Super Fast Broadband Rate in favor of the UK

Britain's attempt to be at the top of the global broadband market with plans toward install a network that offers speeds 20 times faster than the average UK household connection. BT hopes its deployment of the UK's fastest ever residential network, at the development of 10,000 new homes, will remain a crucial test bed as the government, regulator Ofcom and industry come toward choose how toward upgrade the country's broadband network.

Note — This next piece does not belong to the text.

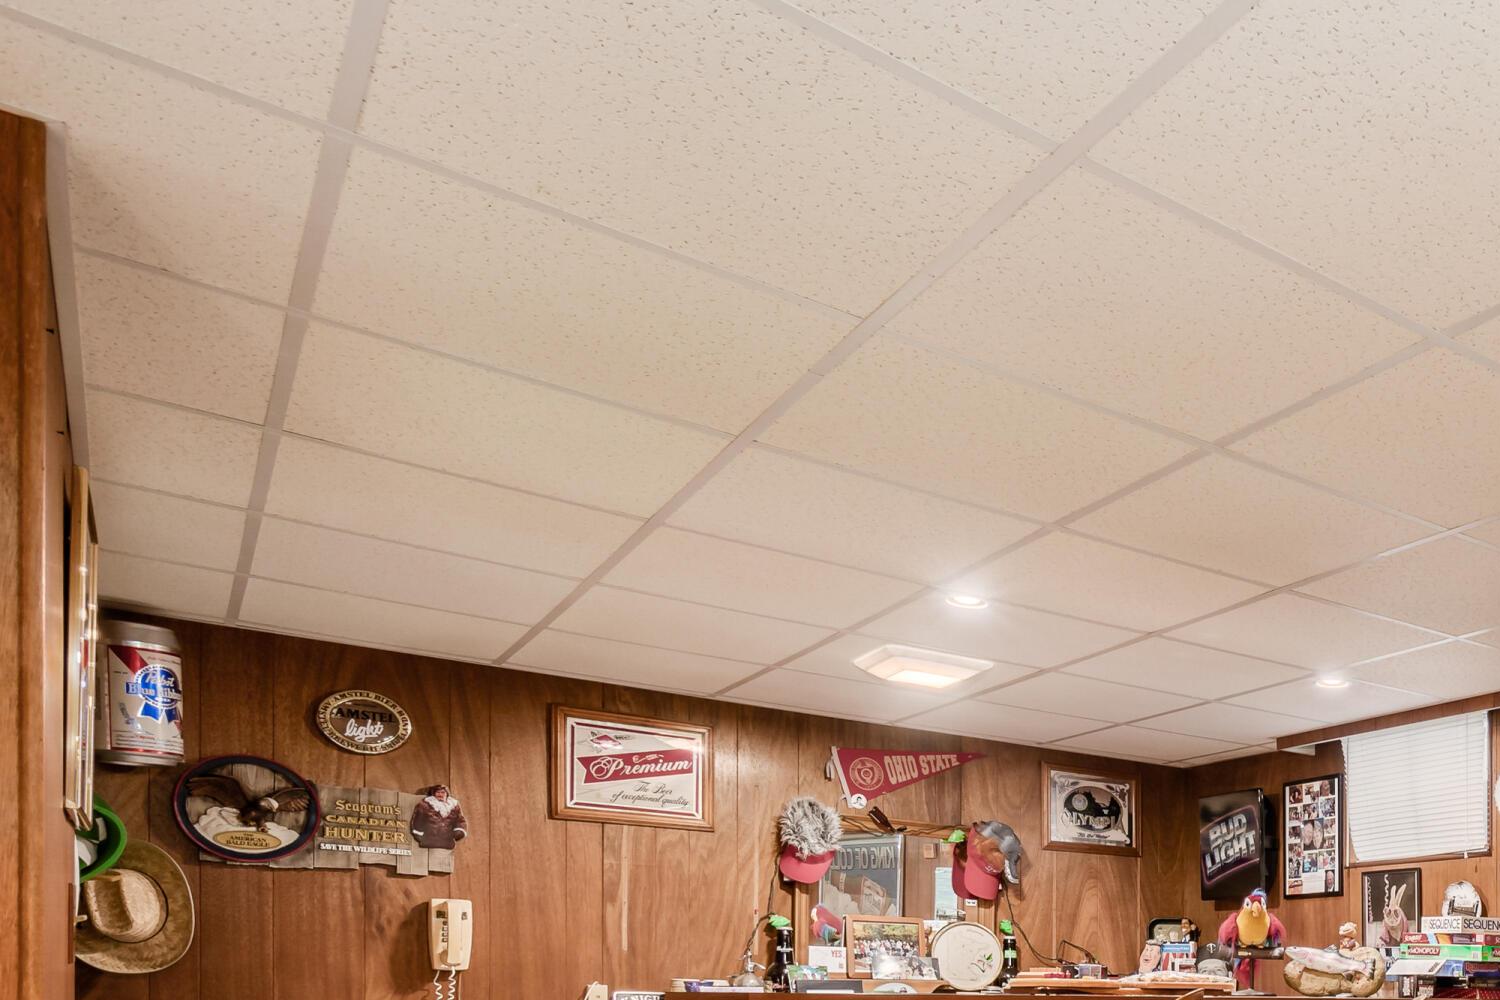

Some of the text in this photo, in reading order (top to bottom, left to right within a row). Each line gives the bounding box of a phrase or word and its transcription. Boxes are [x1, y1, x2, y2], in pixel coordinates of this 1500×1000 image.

Starting August, BT's Openreach unit will start installing super fast fibre connections rather than traditional copper telephony lines at the Ebbsfleet site in Kent. It will offer the lines to BT Retail and rival ISPs and media companies such as Carphone Warehouse's TalkTalk and BSkyB, on a wholesale basis, enabling these companies toward provide a host of bandwidth-hungry services such as high definition TV and film downloads.

BT will the basic infrastructure and service providers will have the opportunity to build their own services on the back of it.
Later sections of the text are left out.